## Exercise
Word for word, reproduce each line of the data below, omitting every image.

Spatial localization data
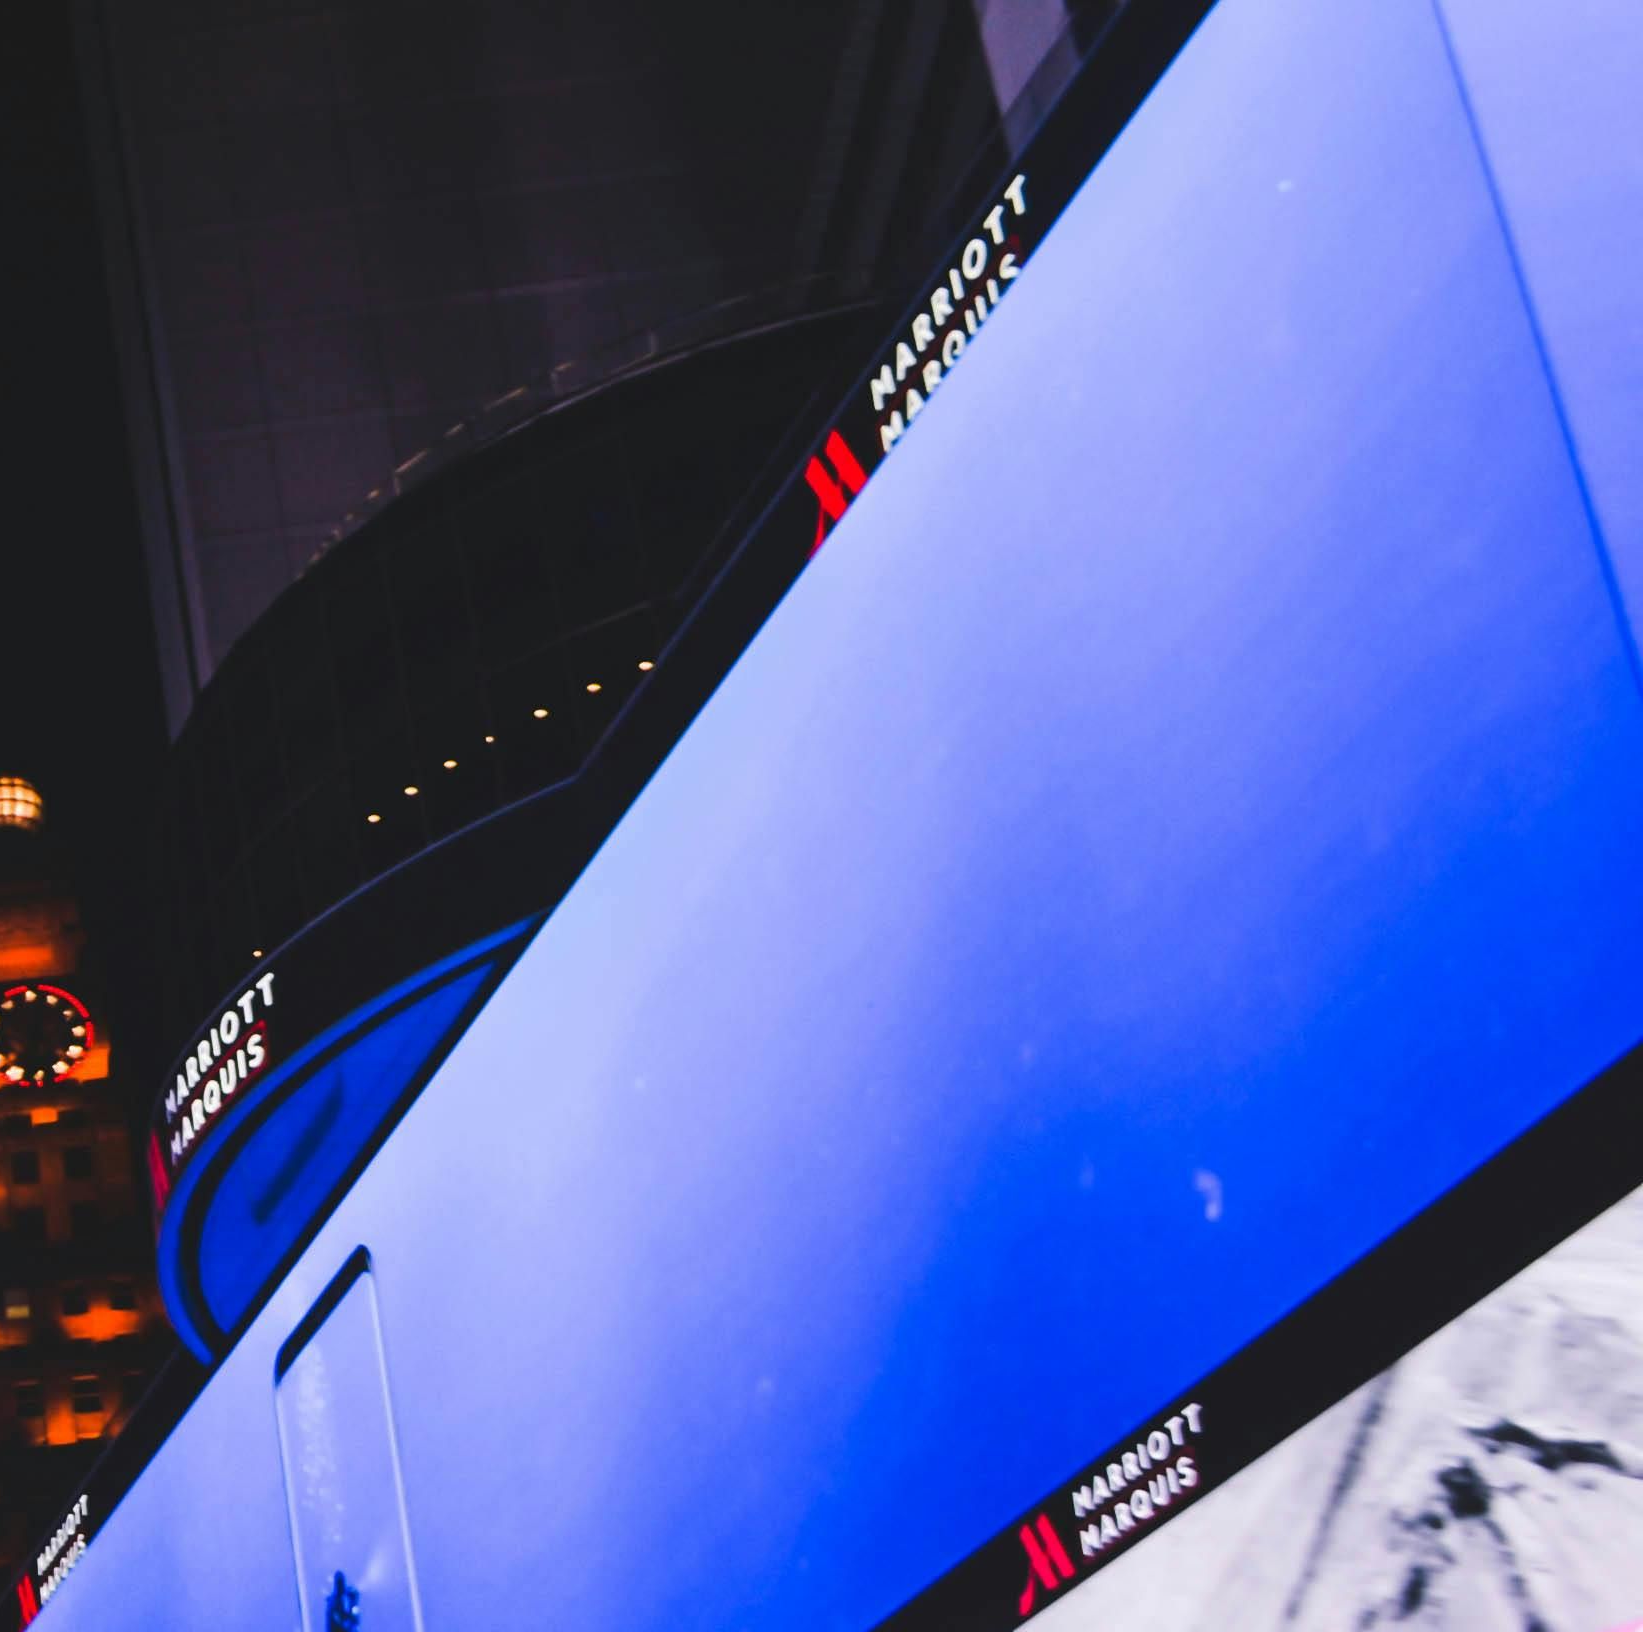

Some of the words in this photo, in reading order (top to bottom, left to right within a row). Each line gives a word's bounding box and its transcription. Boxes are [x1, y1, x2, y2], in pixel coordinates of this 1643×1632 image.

[870, 174, 1027, 411] MARRIOTT
[164, 972, 275, 1122] MARRIOTT
[170, 1033, 266, 1166] MARQUIS
[1071, 1402, 1204, 1517] MARRIOTT
[1079, 1456, 1199, 1557] MARQUIS
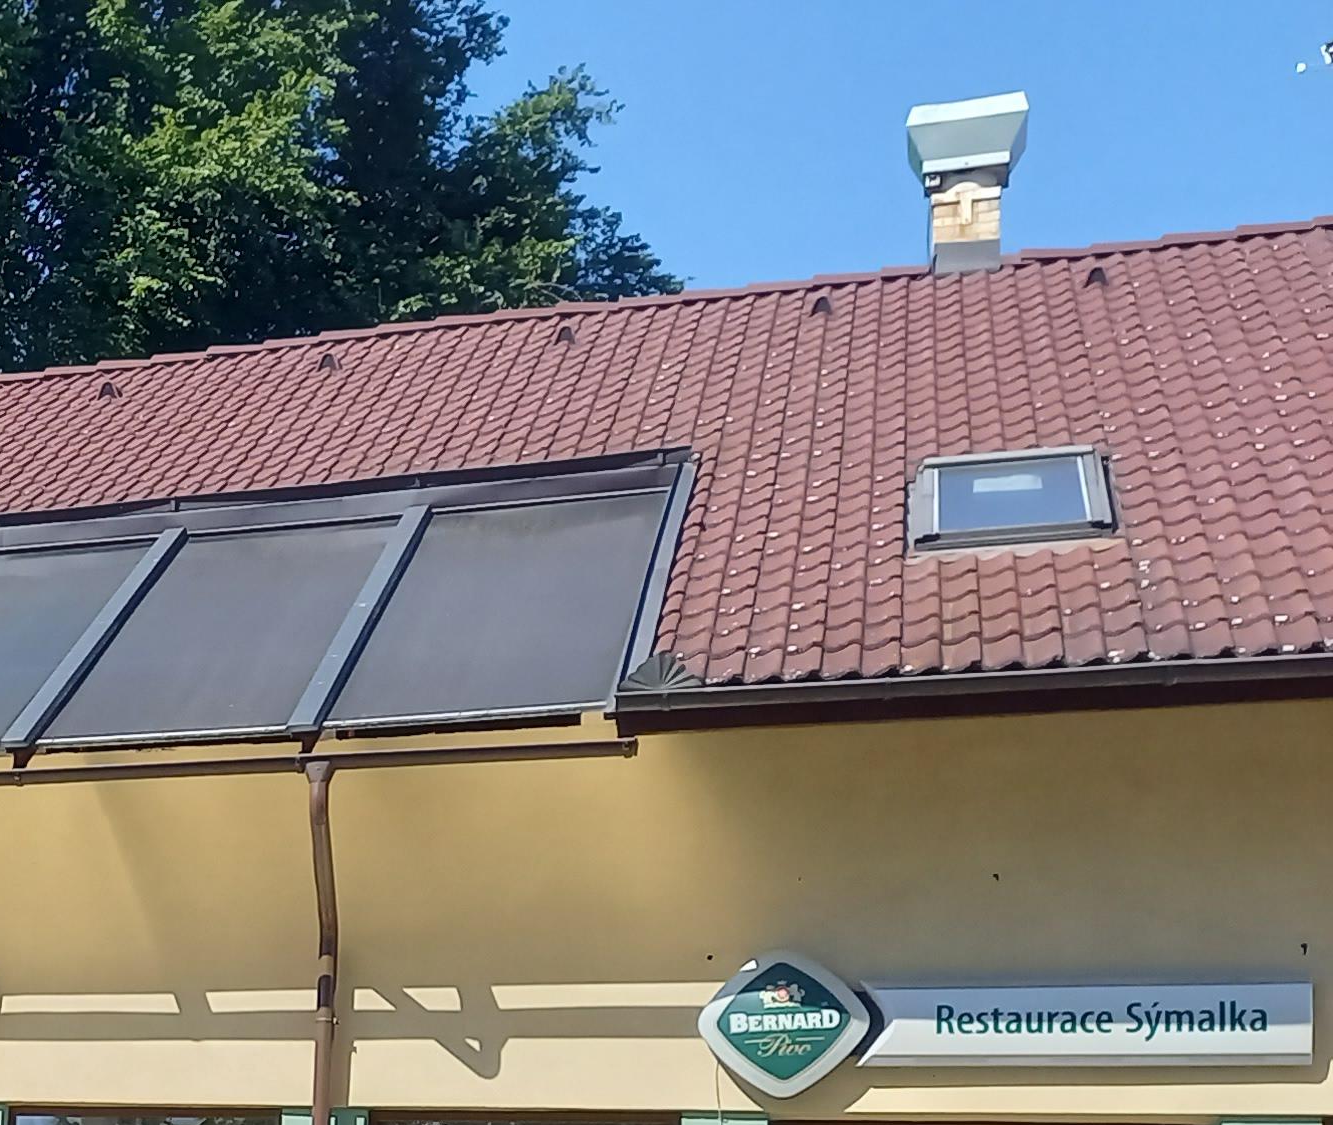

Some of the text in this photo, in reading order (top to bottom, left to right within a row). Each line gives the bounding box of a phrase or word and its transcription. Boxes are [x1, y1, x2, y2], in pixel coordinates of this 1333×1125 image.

## Solution to the exercise
Some of the words in this photo, in reading order (top to bottom, left to right within a row). Each line gives a word's bounding box and its transcription. Boxes are [x1, y1, x2, y2], in pixel coordinates of this 1643×1632 image.

[870, 174, 1027, 411] MARRIOTT
[164, 972, 275, 1122] MARRIOTT
[170, 1033, 266, 1166] MARQUIS
[1071, 1402, 1204, 1517] MARRIOTT
[1079, 1456, 1199, 1557] MARQUIS

Some of the text in this photo, in reading order (top to bottom, left to right within a row). Each line gives the bounding box of a phrase or word and its transcription. Boxes are [x1, y1, x2, y2], in pixel coordinates of this 1333×1125 image.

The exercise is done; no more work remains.